The traditional response is acupuncture regulates the Qi and blood of the meridians. In contrast, modern scientific research suggests that acupuncture causes various circulatory, lymphatic, immune, haematological, endocrine and neurological effects. To simplify these statements, we can say that acupuncture works through a ‘needling effect’. When harnessed skilfully this effect can be specific and therapeutic.
Qi (pronounced – chee) is a representational term used in Chinese language that does not have a definitive meaning. In fact it can be used in hundreds of different ways to describe various phenomena. In nature, Qi is used to understand the dynamic environment of the natural world and represents the force and material that composes and animates our universe. In medicine, Qi is used to understand our complex and dynamic inner environment. It is theorized that the body has a supply of Qi and this is then circulated, dispersed and gathered, along with and as a part of the blood and fluids, performing many functions to maintain our health.
A philosophy that the parts of a system are intimately interconnected, such that they do not exist independently of the whole, or cannot be considered without reference to the whole, thus the whole system is considered to be greater than the sum of its parts.
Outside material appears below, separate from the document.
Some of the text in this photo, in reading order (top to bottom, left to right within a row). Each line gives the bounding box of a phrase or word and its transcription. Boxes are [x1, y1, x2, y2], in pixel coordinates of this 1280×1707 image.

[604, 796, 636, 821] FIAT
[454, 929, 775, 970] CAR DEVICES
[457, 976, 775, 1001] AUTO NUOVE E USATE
The meridians are a topographical map of the human body. They capture how our bodily structures and their movements integrate and shape our physiques. Furthermore, meridian theory unifies our entire anatomy by linking these structures with the internal organs, creating a holistic model to understand the body. During the formative years of Traditional East Asian Medicine the meridians became synonymous with the general model for blood and nutritional circulation. As a result this model was used to conceptualize the integration of the body and the distribution of Qi, blood and fluids to the internal organs, sense organs and all bodily tissues.
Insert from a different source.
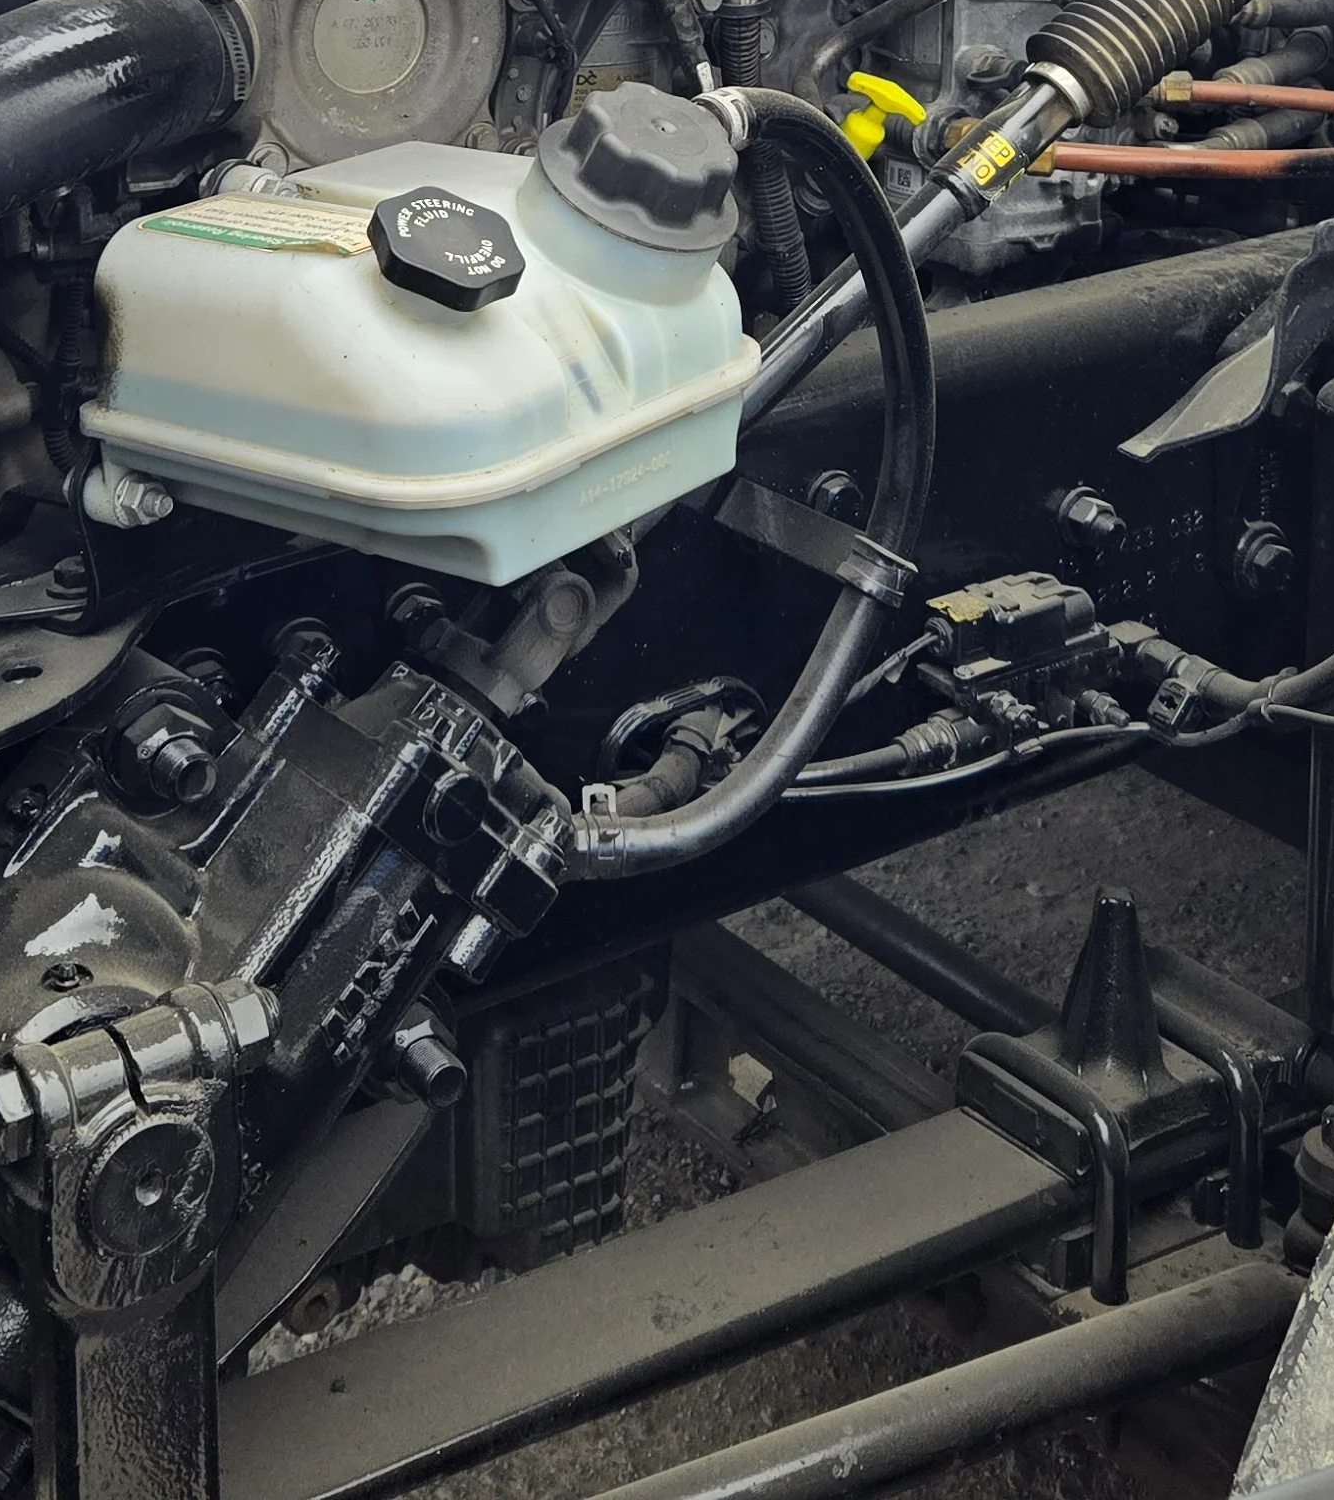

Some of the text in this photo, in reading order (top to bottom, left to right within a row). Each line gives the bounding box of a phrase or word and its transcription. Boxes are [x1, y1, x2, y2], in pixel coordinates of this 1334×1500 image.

[397, 199, 475, 238] POWER STEERING
[414, 210, 449, 228] FLUID
[445, 239, 494, 264] OVERFILL
[467, 255, 506, 276] DO NOT
Sickness occurs when the circulation of Qi, blood and fluids becomes disrupted; giving rise to a flow that is either too great or too little. At such a time, the meridians themselves change as the pathology distorts the shape, feel and movement of the body. These changes are searched for and treated.
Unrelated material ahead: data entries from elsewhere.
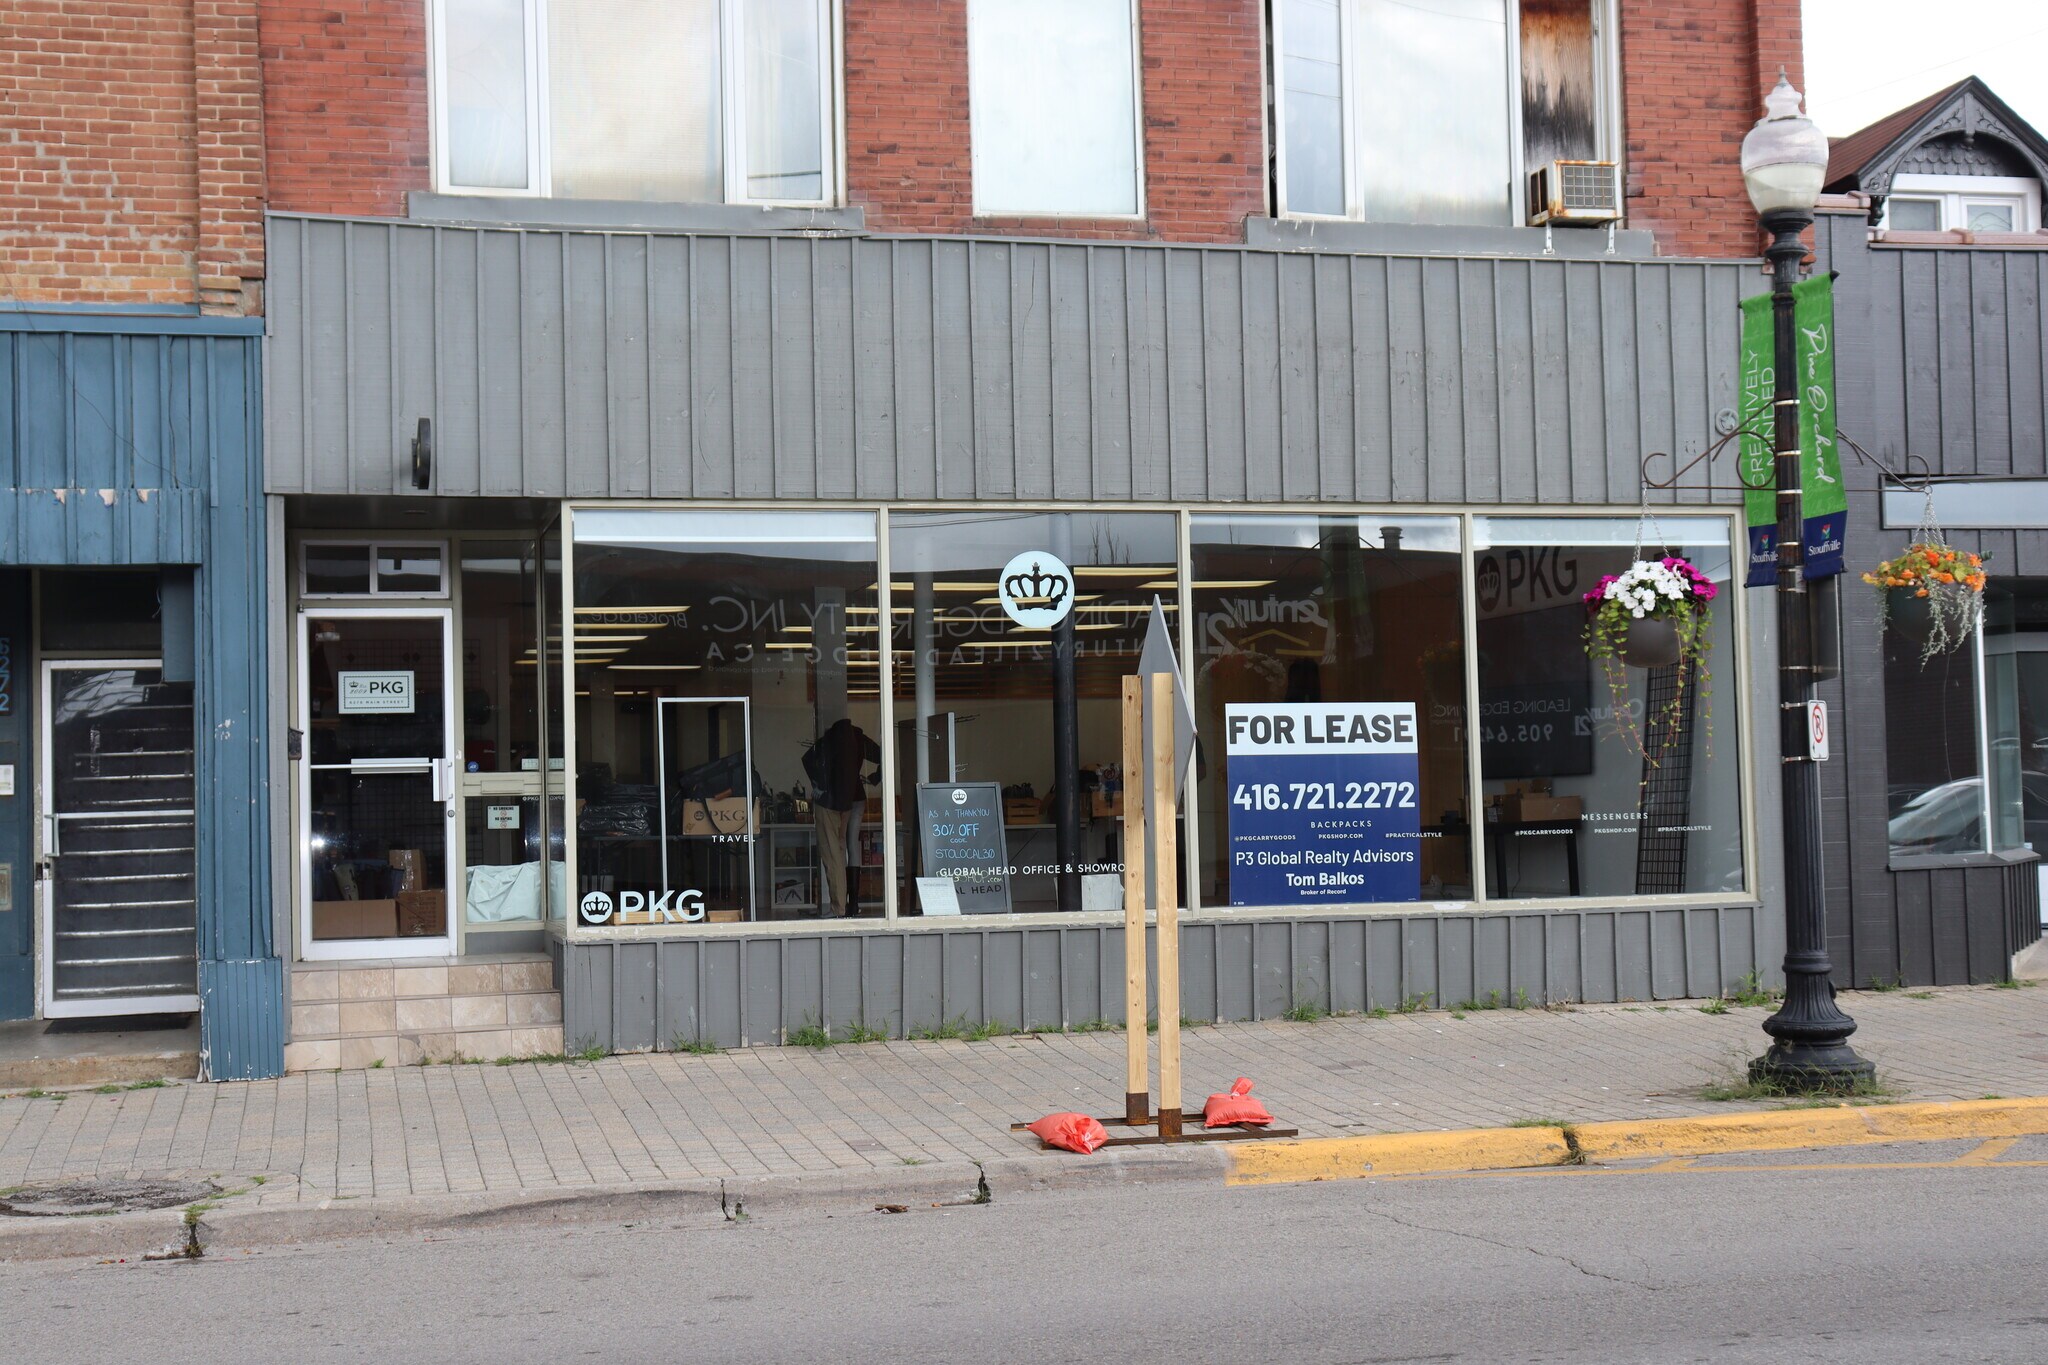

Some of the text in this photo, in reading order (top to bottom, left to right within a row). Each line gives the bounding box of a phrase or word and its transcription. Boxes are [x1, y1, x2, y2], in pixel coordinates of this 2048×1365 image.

[1802, 323, 1836, 484] Pine Orchard
[1745, 350, 1766, 488] CREATIVELY
[1761, 366, 1776, 467] MINDED
[1808, 538, 1842, 557] Stouffville
[1751, 550, 1779, 563] Stouffville
[1506, 546, 1578, 608] PKG
[369, 681, 404, 694] PKG
[1228, 714, 1414, 745] FOR LEASE
[1233, 781, 1416, 810] 416.721.2272
[711, 808, 746, 822] PKG
[928, 809, 939, 819] AS
[944, 809, 950, 818] A
[1581, 812, 1648, 821] MESSENGERS
[932, 822, 980, 837] 30% OFF
[1310, 820, 1373, 829] BACKPACKS
[1515, 828, 1574, 836] @PKGCARRYGOODS
[712, 834, 756, 843] TRAVEL
[1235, 849, 1414, 867] P3 Global Realty Advisors
[939, 863, 1126, 876] GLOBAL HEAD OFFICE & SHOWRO
[1286, 872, 1365, 887] Tom Balkos
[619, 889, 705, 922] PKG
For detailed pictures of the acupuncture meridians go to acupuncture.com.au.
Acupuncture needles are very fine. The typical acupuncture needle has a thickness between 0.14mm and 0.25mm. In contrast, hypodermic needles used for venipuncture and the withdrawal of blood have a thickness of 0.7mm to 0.8mm.
Additionally, the guided insertion method, which uses a thin tube to stabilize and assist insertion through the skin, minimizes any sensation or discomfort. Sensation may be produced during deep needling which can elicit feelings of warmth, heaviness, an ache, or movement in the body, however these sensations are unlike anything related to an injection or blood test.
Most people’s fear comes from their experience with hypodermic needles. It’s important to remember that acupuncture needles are considerably thinner and are not used in the same manner. Once these mental hurdles are removed most find acupuncture to be relaxing and not painful.